▸ Work required:
All the entries need to be quoted exactly, apart from the pictures, which you should drop.

Start of Block

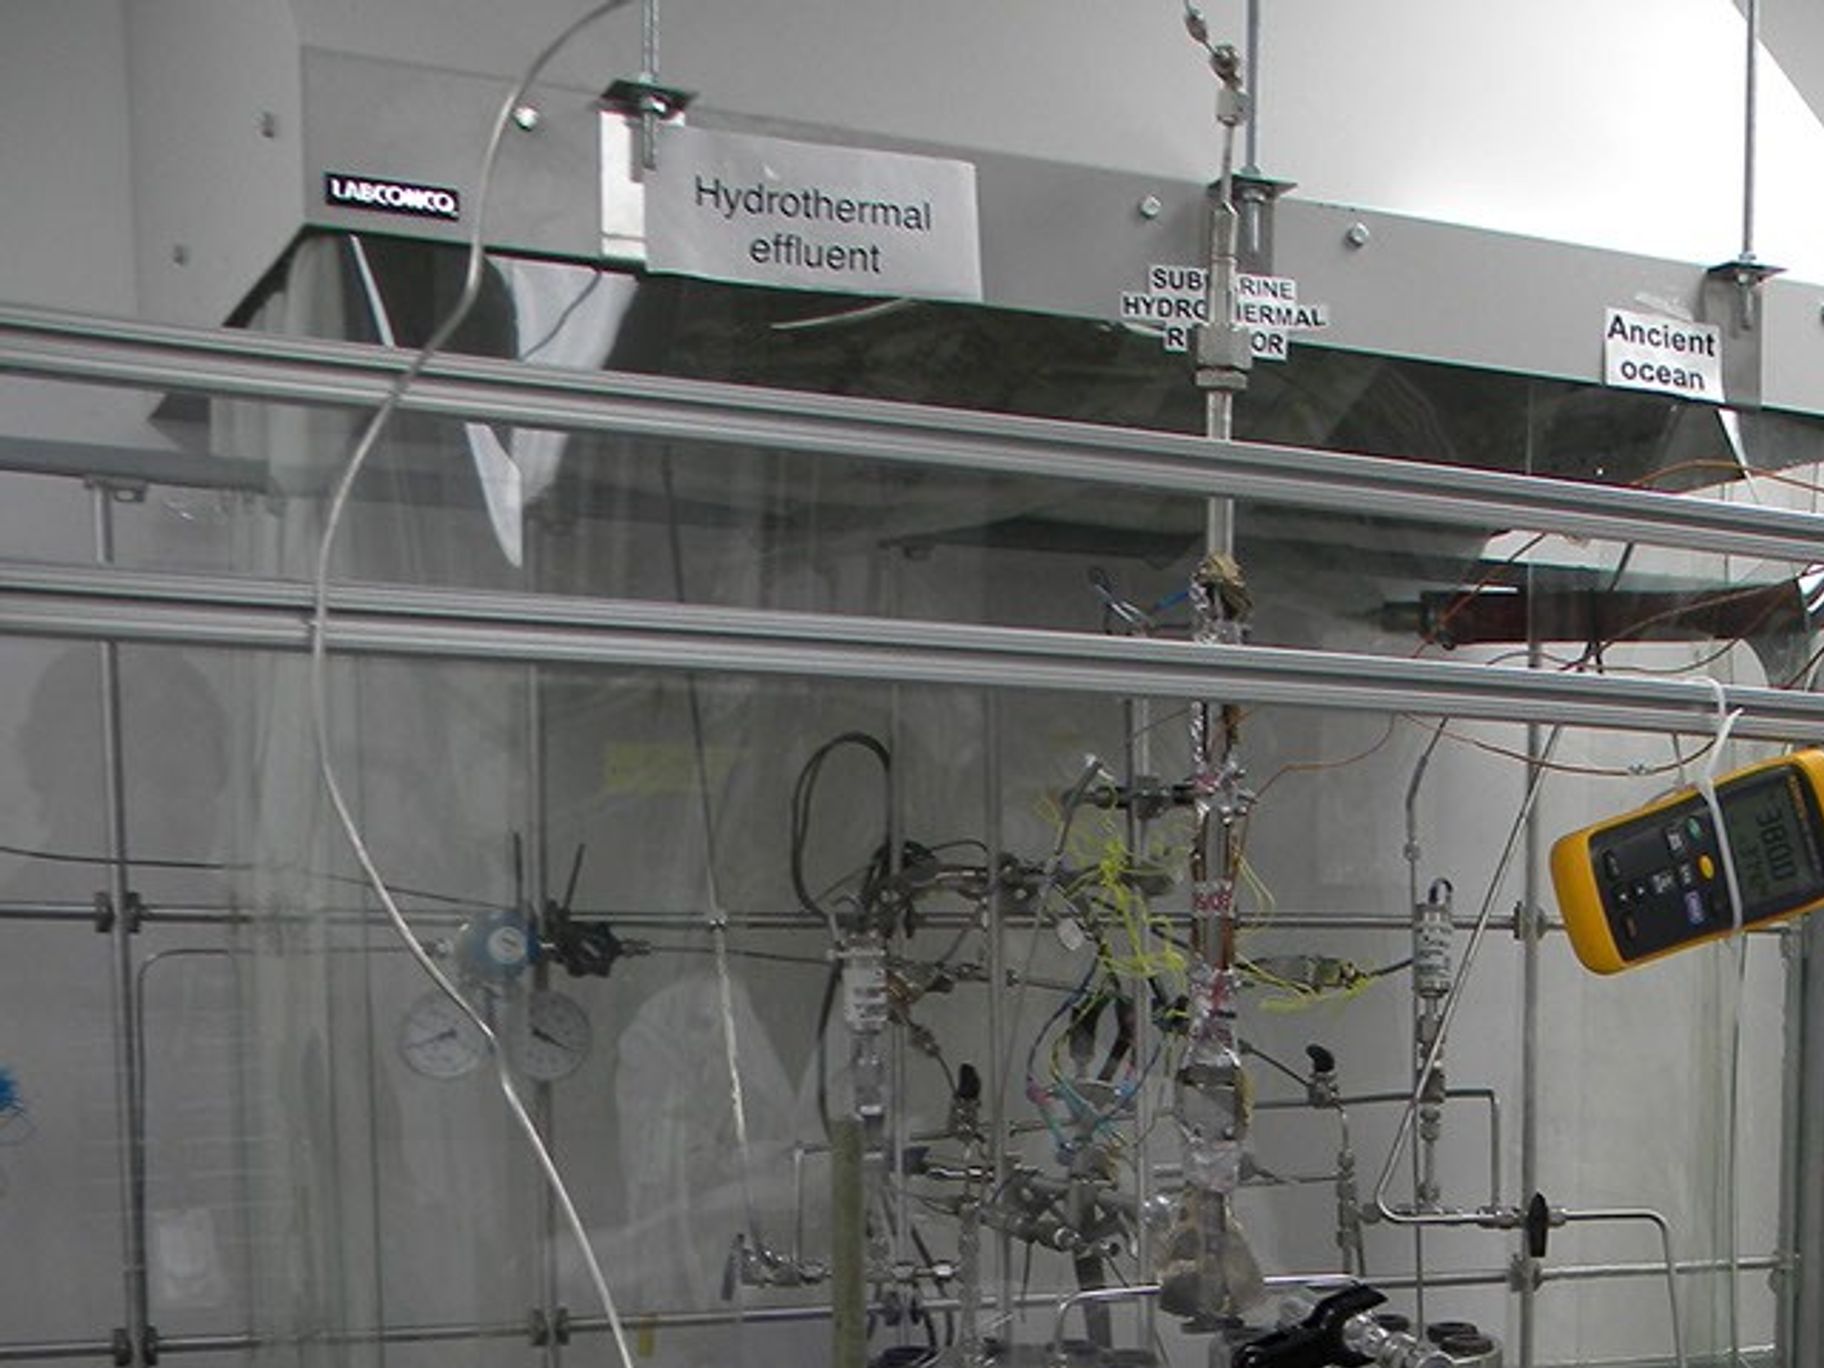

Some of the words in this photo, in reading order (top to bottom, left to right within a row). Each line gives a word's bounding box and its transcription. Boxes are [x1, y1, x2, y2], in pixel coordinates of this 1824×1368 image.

[694, 174, 932, 231] Hydrothermal
[749, 232, 882, 274] effluent
[1152, 267, 1294, 300] SUBRINE
[1123, 295, 1327, 327] HYDROERMAL
[1607, 313, 1715, 358] Ancient
[1620, 360, 1706, 390] ocean
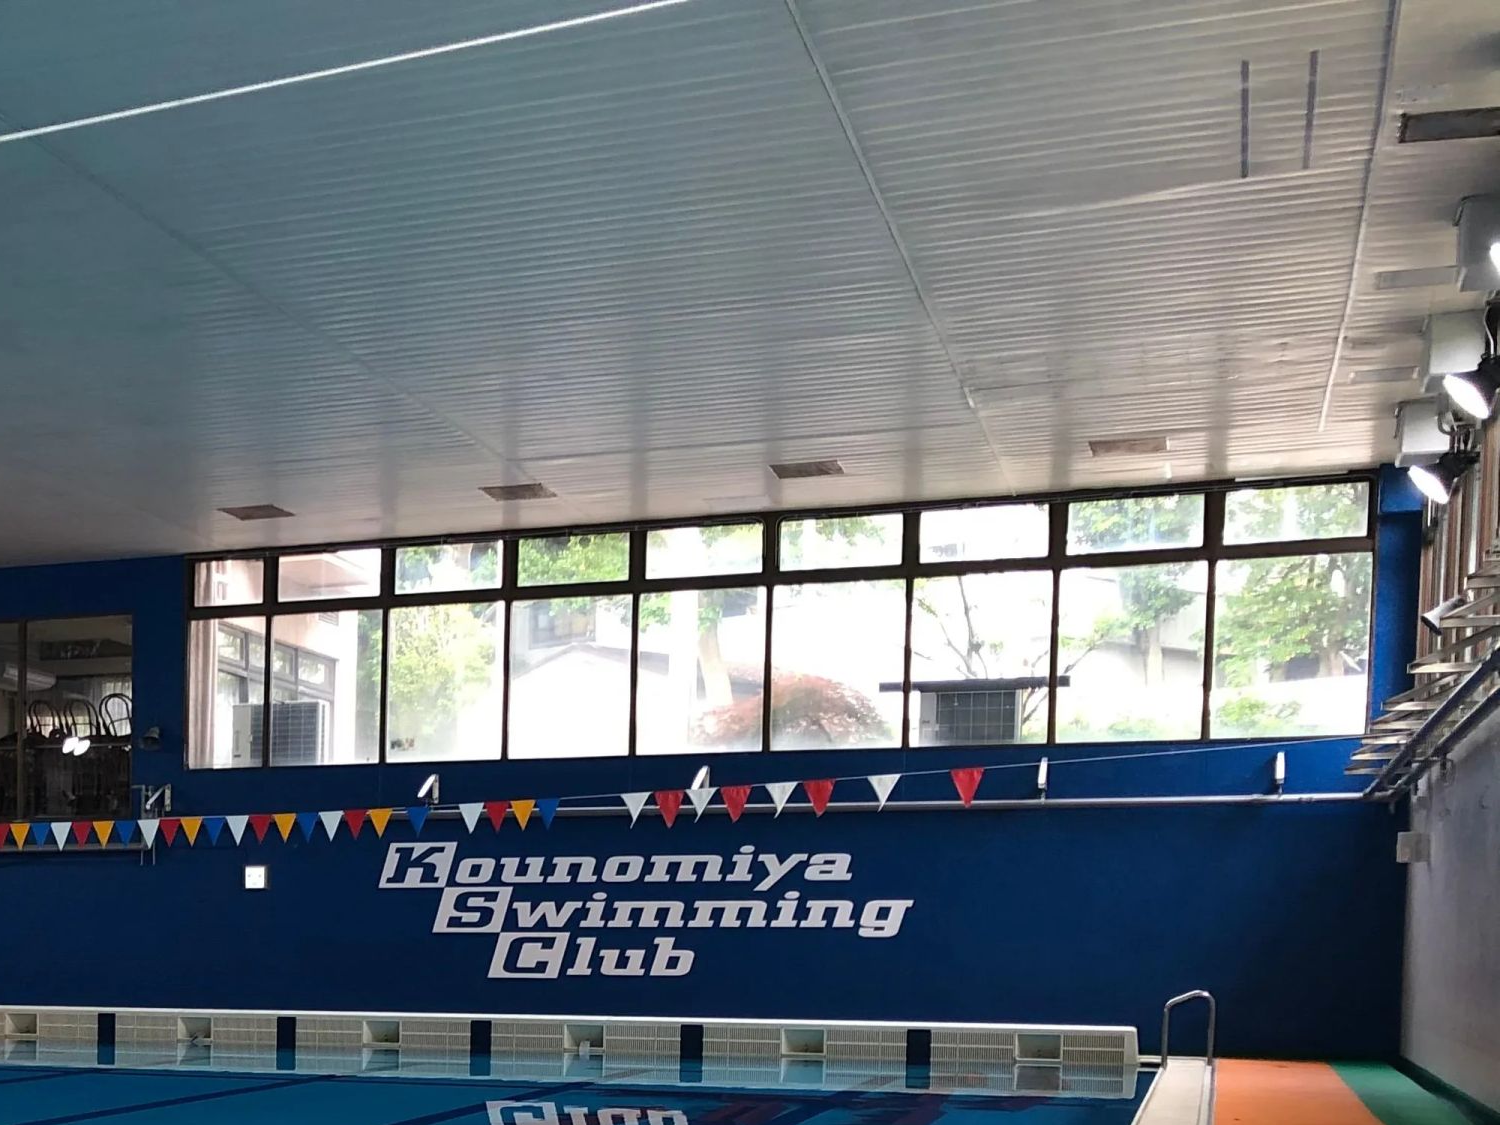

End of Block

▸ Expected answer:
Some of the words in this photo, in reading order (top to bottom, left to right within a row). Each line gives a word's bounding box and its transcription. Boxes are [x1, y1, x2, y2], in pixel coordinates of this 1824×1368 image.

[694, 174, 932, 231] Hydrothermal
[749, 232, 882, 274] effluent
[1152, 267, 1294, 300] SUBRINE
[1123, 295, 1327, 327] HYDROERMAL
[1607, 313, 1715, 358] Ancient
[1620, 360, 1706, 390] ocean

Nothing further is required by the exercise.